When I saw that we would be using Western Riding Pattern #1 at the show today for our pattern, I saw all the areas of the pattern that I could use to get my horse back to me. At the last two shows she started to rush while on pattern and by the end we were both frazzled. I’ve been working on it at home and the result has been a much more organized ride and a cleaner pattern. I have yet to have a ride in the show ring that is as good at the ones we have at home. I thought I had it figured out today when I came up with my plan to utilize my corners and turns. Grace in the meantime was working on a plan of her own.


The pattern started with jogging over a pole, then picking up the left lead. The first series of changes were line changes that started on the other side of the arena. I planned to use the first corner that we came to keep Grace together. I had that in mind as we picked up the lope after jogging over the pole. Two strides later Grace threw in a flying change. What?? I didn’t ask for that. I changed her lead back on the next stride and continued to the corner. On our way to the first cone Grace changed her lead again and then back a stride later.
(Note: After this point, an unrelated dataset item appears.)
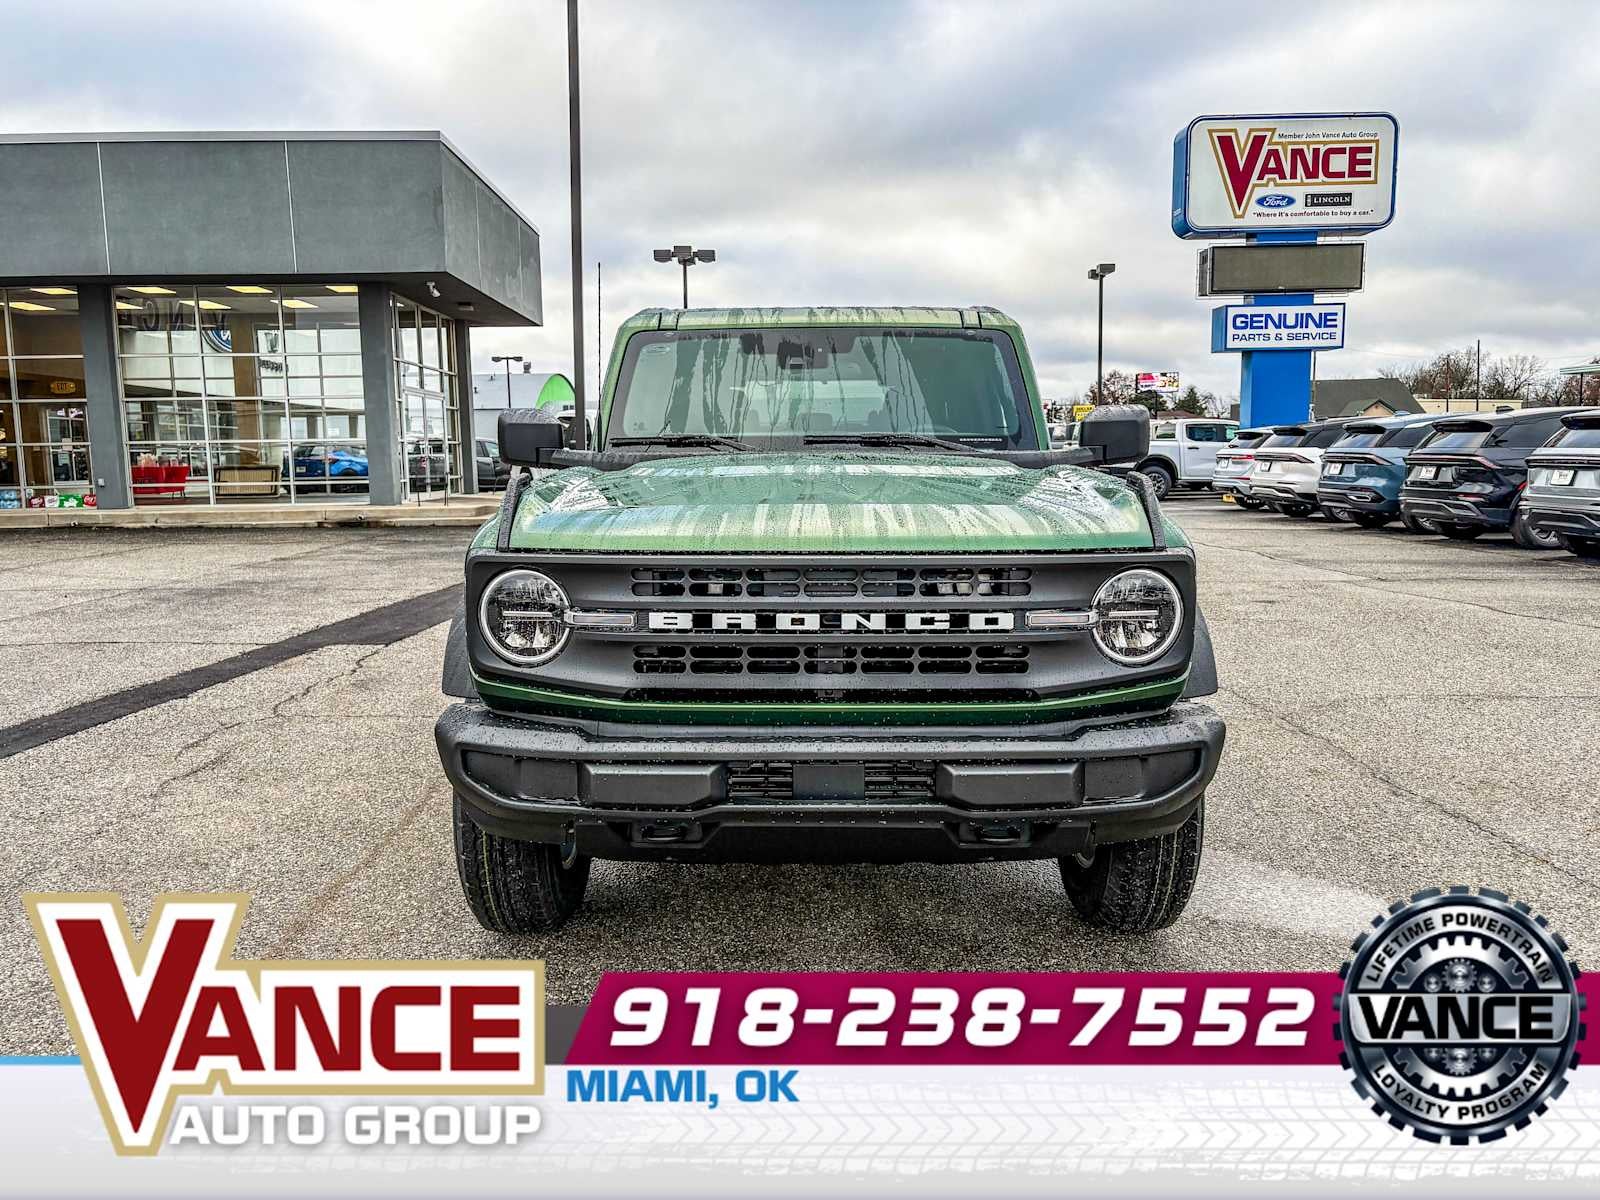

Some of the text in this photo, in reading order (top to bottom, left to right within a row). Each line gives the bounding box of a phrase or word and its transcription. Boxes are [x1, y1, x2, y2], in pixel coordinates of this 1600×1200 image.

We were not even to the first change on pattern yet and she had executed 4 flying changes. Her line changes were actually not half bad; she started to rush on the last one so I used my corner and the turn to the first cross change to get her back to me. The cross changes felt good, in the past this is where she has rushed in the pattern but this time she stayed in a rhythmic lope. I had to be very clear with my body in order to keep her from changing early. I thought we had it under control, but as we circled around the last cone to come down the center of the arena she started to run. I stopped her in the middle of the arena where the pattern asked for a stop. It was an ugly stop; Grace threw her head up in the air when I added my spur to her girth. She backed up crooked while I was cursing her under my breath telling her that she wasn’t allowed to run away with me on pattern. This was when I remembered why I had stopped showing. It was this moment of utter embarrassment as I walk out of the arena with everyone looking on. I know that Grace is better than that, we both are.


I started to wonder why I was there. Why am I showing at all? It would be so much easier to just perfect it at home, or maybe just go back to trail riding or cow sorting. It just seems like a lot of work for another crappy performance. Luckily Sarah was just a phone call away. I let her know I was in need of a pep talk. I asked her if I should even been showing at this point or was I just wasting my time. Sarah reminded me that the issues happen at shows so we need to haul to them to get it worked out. She pointed out that I have Grace sound and straight now, so it is due time to get some respect from her. I’m sure there was a time where Grace had to think for herself when I rode her, but in the show ring I need her to wait for me, and the only way I will achieve that is to get it at home first. Sarah suggested that we no longer practice flying changes – Grace clearly has those down. Now is the time to go back and practice counter canter and not doing changes. I will need to make it very clear to Grace that she is not to change leads unless she is asked. Sarah even suggested practicing the Western Riding pattern in counter canter. Sarah also pointed out that I may not be doing enough in my warm up. I admitted to her that I intentionally take it easy; for fear that I will have no hocks left on the mare for my classes. Sarah suggested tiring out Grace’s mind and not her body prior to my classes, lots of transitions and counter canter. Grace needs to be ready to wait on me when we walk into the arena; Sarah’s guess was that she was still too fresh.



I am going to give it another shot at the next show in two weeks. As much as I wanted to walk away from it all at one point today, I want to conquer this even more. I love that little mare and I know her potential. It frustrates the hell out of me that it doesn’t show up in the show ring. I really don’t want to be the only person on earth that knows what Grace is capable of. I have my marching orders and a lesson planned before the next show. I swear if I ever get this mare figured out, every horse I sit on after this will be a piece of cake.

1 comment:

  1. These are all things I've been thinking on lately too. Dee seems so sensitive lately to my every move that a slight bobble can be interpreted as a request for a lead change. Or sometimes just the fact that we crossed center can be interpreted as a request for a lead change. Trying to get her to listen and wait for me is proving difficult.

    Last summer when I actually tried showing her I really blew it with the warmup. By the time we went in the ring she was tired but still hot, if you know what I mean. A combination ripe for mistakes. So I'm looking, too, for a warmup that will give me plenty of horse, but also a horse that is focused on the job at hand, and focused on me. A delicate balance.

    I hear your frustration. I'm almost afraid to try showing again for fear it will end in embarrassment...and I think that's made extra difficult when you know in your heart you have a horse that can get the job done. You are very lucky to have Sarah. Things will come together for you, I'm quite sure.

    I look forward to hearing about how you tackle these challenges.